--- INFORMATION ---

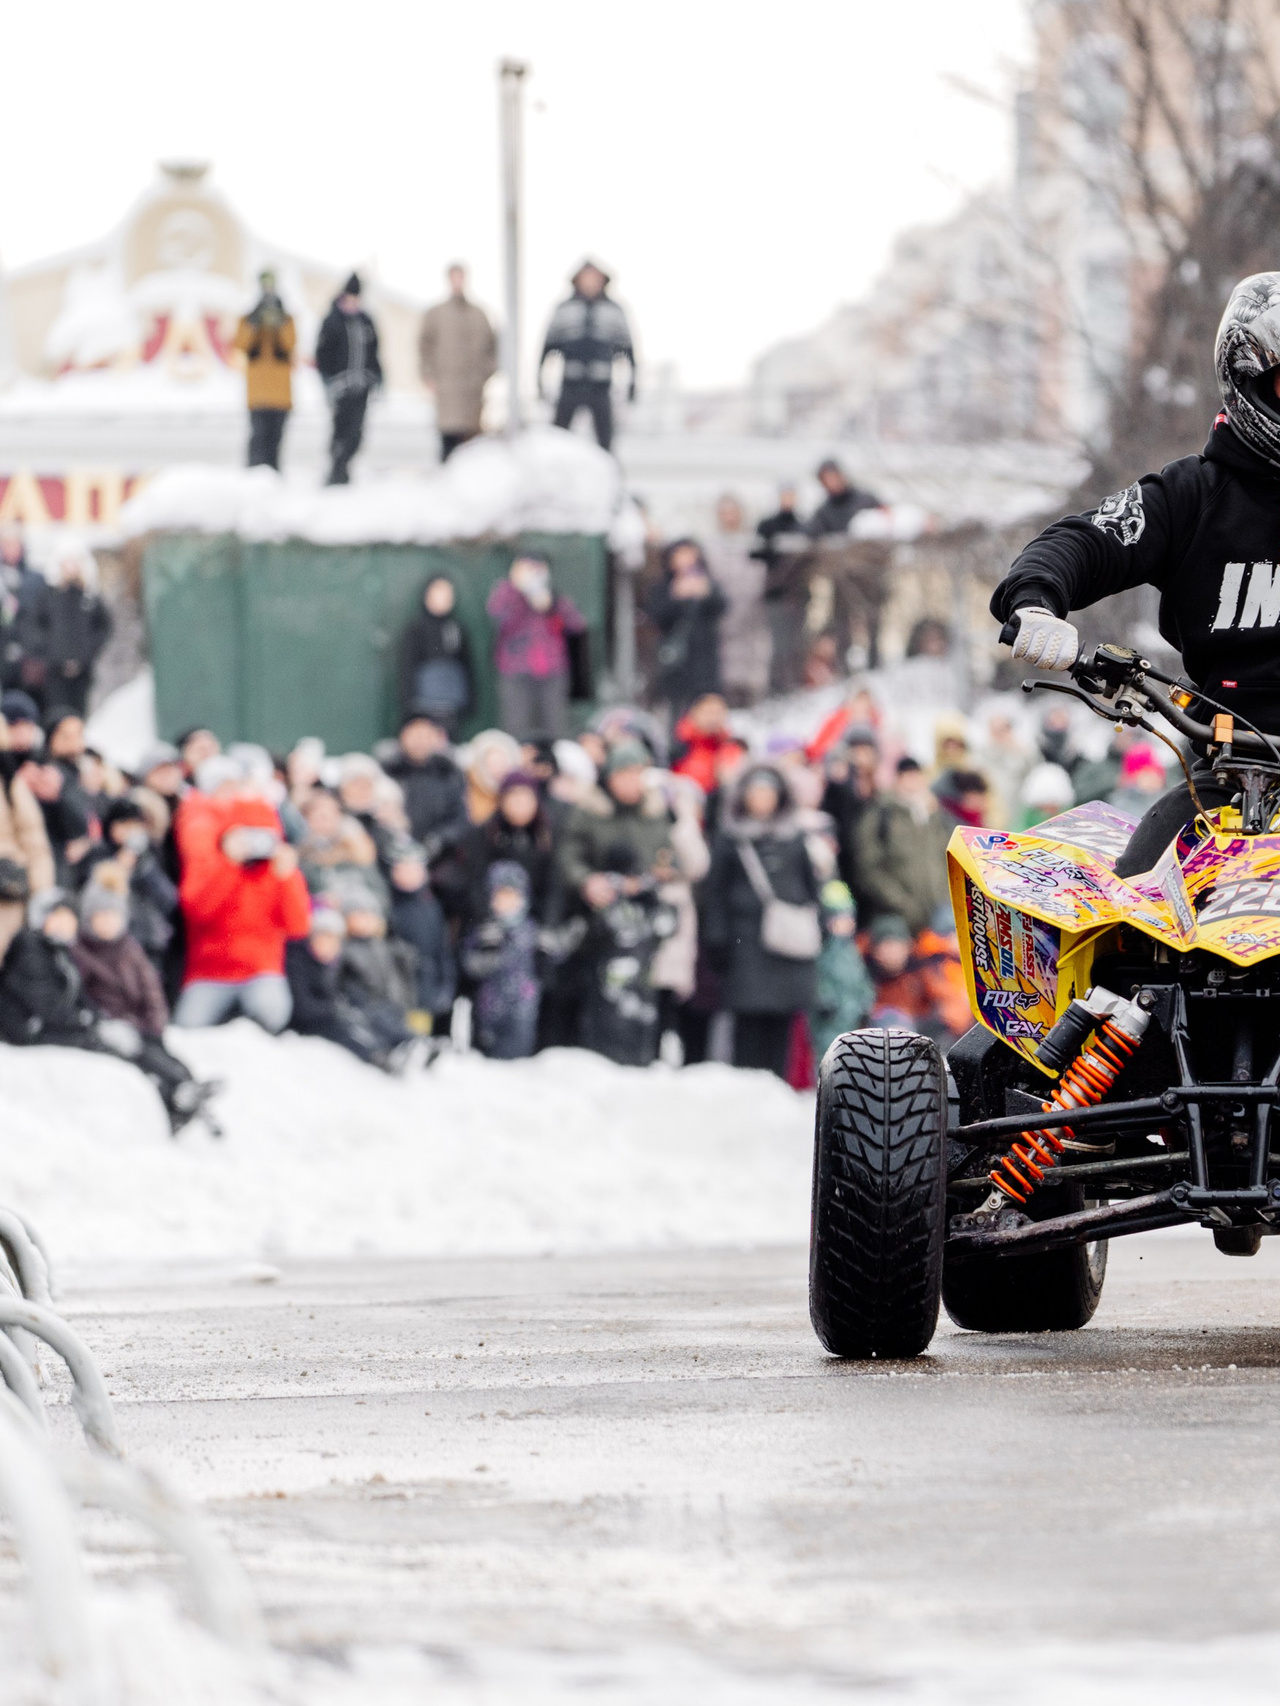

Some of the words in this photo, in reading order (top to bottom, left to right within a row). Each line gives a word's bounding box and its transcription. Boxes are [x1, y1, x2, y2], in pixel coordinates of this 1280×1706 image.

[975, 835, 1007, 850] VP
[1018, 848, 1071, 873] FOX
[970, 879, 988, 971] ASTHOUSE
[995, 902, 1014, 978] AMSOIL
[983, 990, 1019, 1008] FOX
[1005, 1020, 1044, 1034] GAV
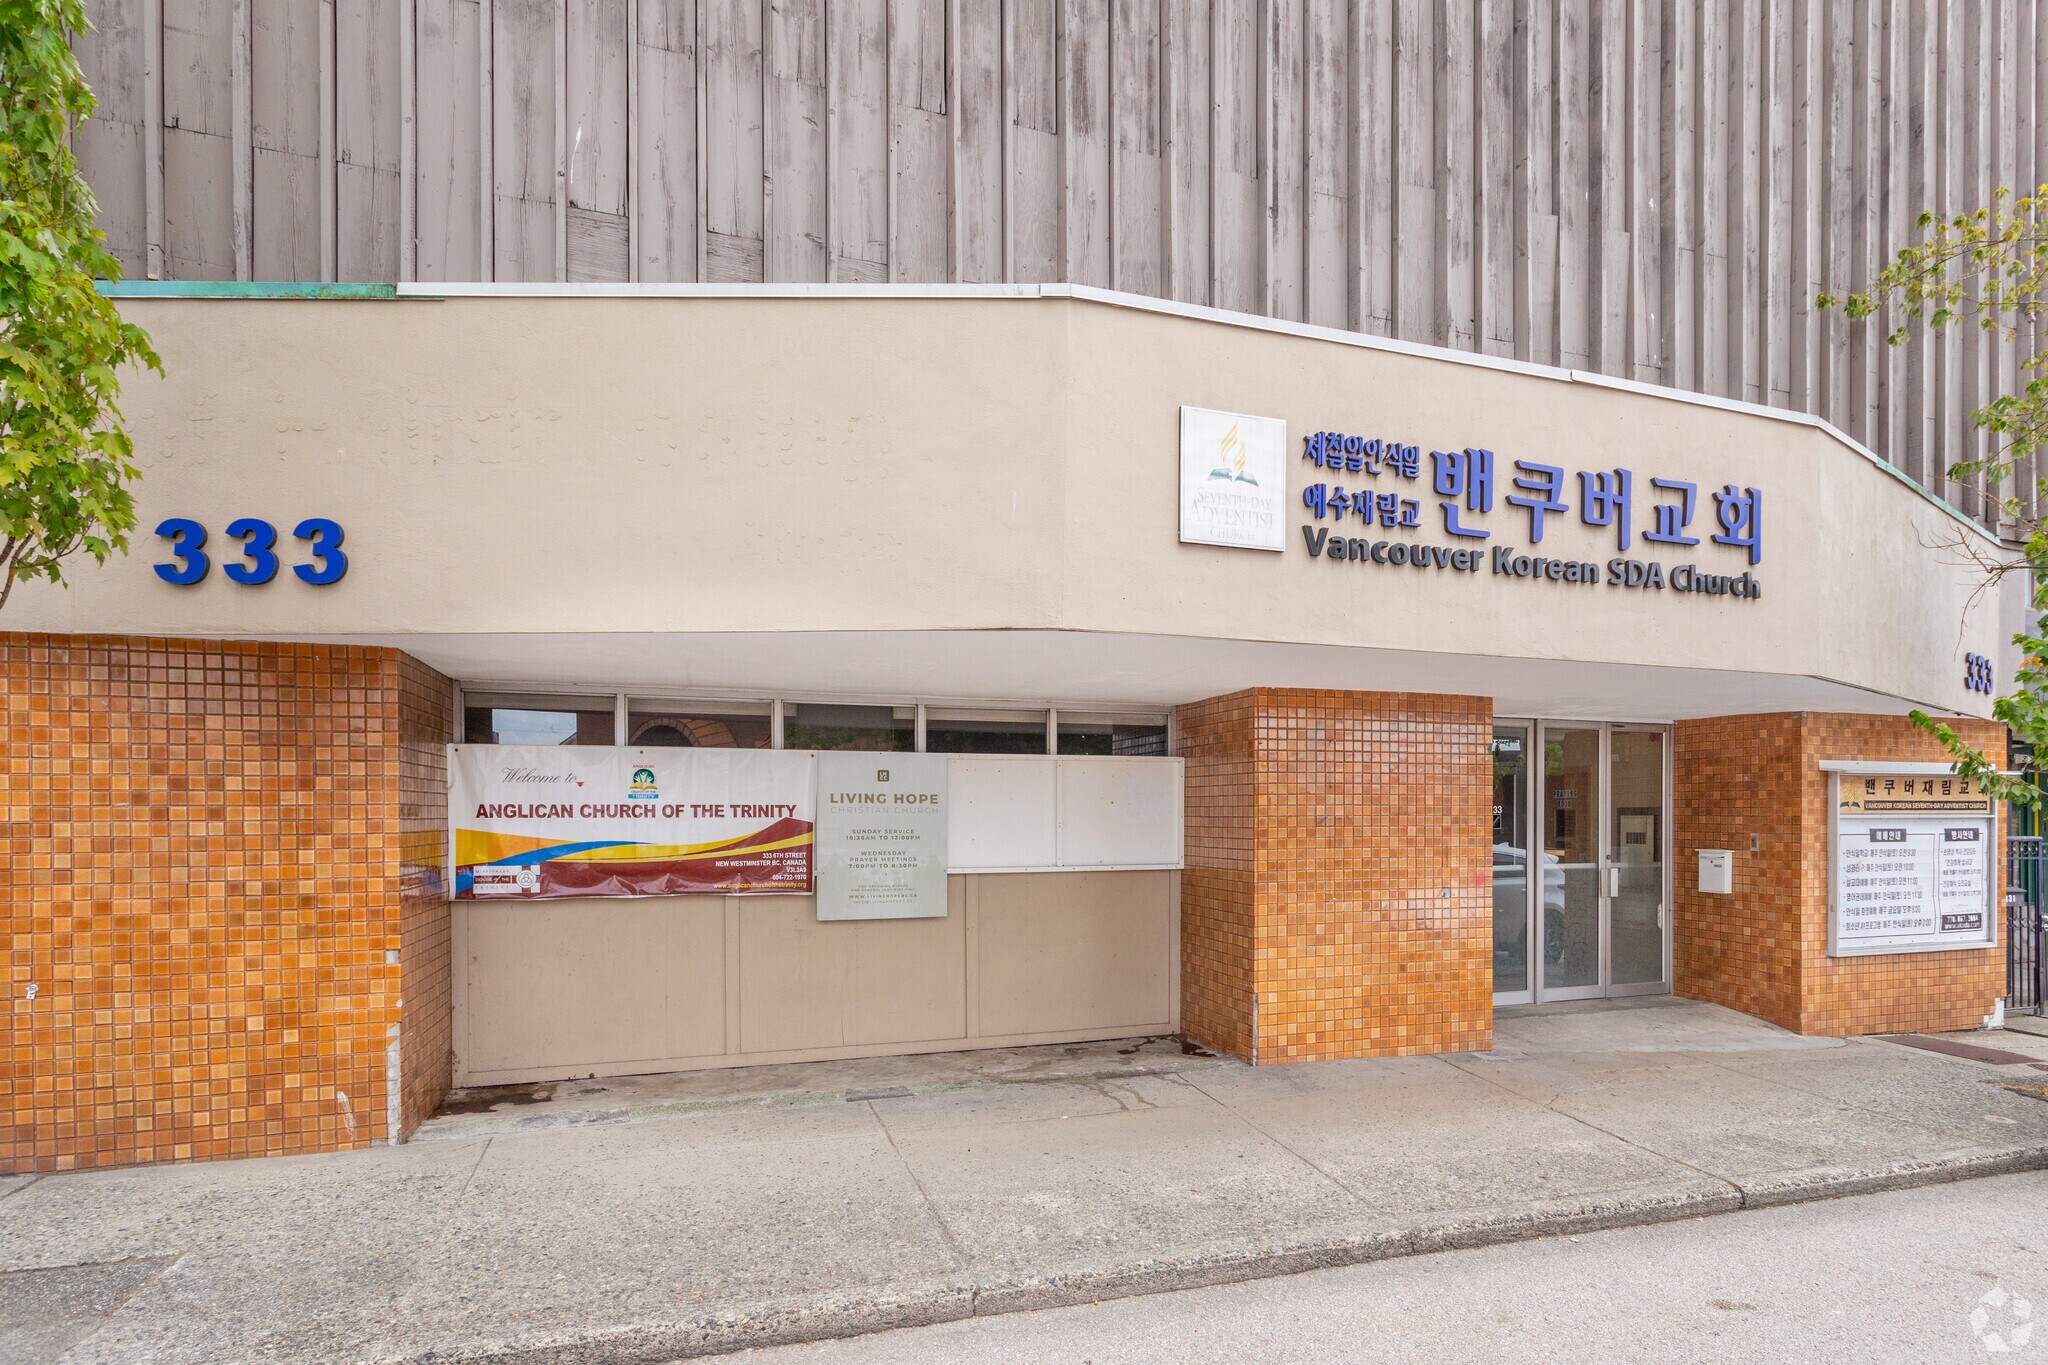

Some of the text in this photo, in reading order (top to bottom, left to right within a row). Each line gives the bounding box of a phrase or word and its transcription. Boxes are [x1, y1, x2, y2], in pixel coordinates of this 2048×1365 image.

[1303, 431, 1420, 478] 제칠일안식일
[1188, 499, 1275, 529] ADVENTIST
[1303, 482, 1421, 527] 예수재림교
[1430, 448, 1762, 566] 밴쿠버교회
[1210, 527, 1254, 541] CHURCH
[154, 518, 349, 585] 333
[1302, 525, 1761, 599] Vancouver Korean SDA Church
[1964, 652, 1994, 694] 333
[501, 767, 578, 784] Welcome to
[1864, 778, 1988, 796] 밴쿠버재림교
[476, 804, 797, 818] ANGLICAN CHURCH OF THE TRINITY
[830, 793, 939, 804] LIVING HOPE
[831, 806, 889, 814] CHRISTIAN

---

WORK TASK: Give the entries again word for word, but skip the pictures.

ANSWER AREA:
Some of the words in this photo, in reading order (top to bottom, left to right within a row). Each line gives a word's bounding box and its transcription. Boxes are [x1, y1, x2, y2], in pixel coordinates of this 1280×1706 image.

[975, 835, 1007, 850] VP
[1018, 848, 1071, 873] FOX
[970, 879, 988, 971] ASTHOUSE
[995, 902, 1014, 978] AMSOIL
[983, 990, 1019, 1008] FOX
[1005, 1020, 1044, 1034] GAV

Some of the text in this photo, in reading order (top to bottom, left to right within a row). Each line gives the bounding box of a phrase or word and its transcription. Boxes are [x1, y1, x2, y2], in pixel coordinates of this 2048×1365 image.

[1303, 431, 1420, 478] 제칠일안식일
[1188, 499, 1275, 529] ADVENTIST
[1303, 482, 1421, 527] 예수재림교
[1430, 448, 1762, 566] 밴쿠버교회
[1210, 527, 1254, 541] CHURCH
[154, 518, 349, 585] 333
[1302, 525, 1761, 599] Vancouver Korean SDA Church
[1964, 652, 1994, 694] 333
[501, 767, 578, 784] Welcome to
[1864, 778, 1988, 796] 밴쿠버재림교
[476, 804, 797, 818] ANGLICAN CHURCH OF THE TRINITY
[830, 793, 939, 804] LIVING HOPE
[831, 806, 889, 814] CHRISTIAN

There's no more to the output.